Phase One of this project, largely comprised of National Security Files on Czechoslovakia, is nearly complete. The bulk of the documents in this collection focus on the so-called “Czechoslovak Crisis,” otherwise known as the Prague Spring, and its aftermath. The Prague Spring was one of the most dramatic and popular experiments in Communist Party reform, which took place in Czechoslovakia beginning in January 1968, only to be crushed by an invasion of Soviet and Warsaw Pact troops on August 21 of the same year.  This event was a major turning point in the Cold War and the history of communism more generally as the wave of reforms brought such a high degree of hope and enthusiasm and its suppression precipitated such deep disillusionment in the region and among the global left. It was the end, in a sense, of any hope for the communist system to be reformed and as such could be seen as the beginning of the end for the system itself.

The LBJ Library documents on Prague Spring are a treasure trove for historical research as they chronicle the event through detailed intelligence reports and day-by-day commentary by US policy makers. They include briefs on global reactions to the crisis, which many at the time thought could precipitate World War III. These documents are valuable both from a US policy standpoint and for a deeper understanding of the events and developments within the region itself. As the documents are all in English, they have the potential to be used for everything from academic historical research to student research.

Helsinki_demonstration_against_the_invasion_of_Czechoslovakia_in_1968

Helsinki demonstration against the invasion of Czechoslovakia in 1968 (via Wikimedia Commons).

Ian Goodale, the new Russian, East European, and Eurasian Studies & Digital Scholarship Librarian, worked closely with graduate students from the School of Information at UT Austin and undergraduate students from CREEES to photograph the documents in the reading room at the LBJ. He then collaborated with the UT Libraries to process the images into archival-quality PDFs for ingestion into Texas ScholarWorks, the university’s digital repository.
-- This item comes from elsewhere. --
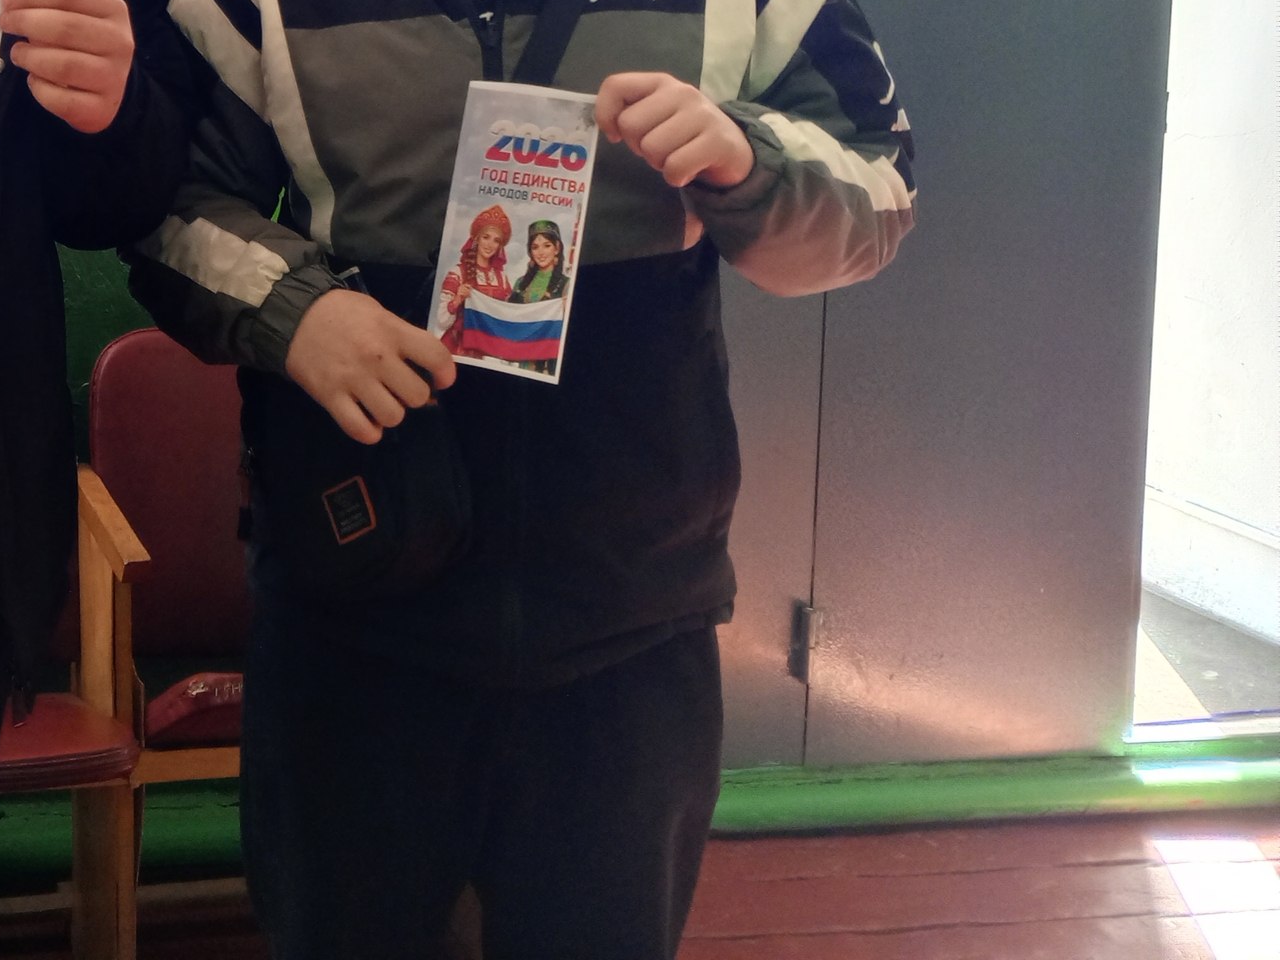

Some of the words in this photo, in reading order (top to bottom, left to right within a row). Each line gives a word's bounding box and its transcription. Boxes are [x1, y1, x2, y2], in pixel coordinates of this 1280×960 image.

These PDFs were made machine-readable so that they are full-text searchable in the repository and Ian worked to create extensive metadata for each document to make the collection more discoverable. Finally, the students in Mary Neuburger and Vlad Beronja’s Graduate Seminar on Russian, East European and Eurasian Studies worked with Ian over the last semester to create a guide to the collection. Ian did an amazing job of building a Scalar website as a portal for the guide, which provides summary descriptions of most of the folders and specific links to some of the most interesting documents.

Careful attention was paid to making the site accessible both to academic researchers and to patrons conducting personal or non-academic research, with additional features planned that will extend the breadth of the site’s audience. A module that will include materials aimed at high school and middle school teachers and students, including sample lesson plans and educational activities, will be added in the future. For researchers who would like to explore what is available in the physical collections of the LBJ Library, the finding aid for the entire archival collection is also available on the site.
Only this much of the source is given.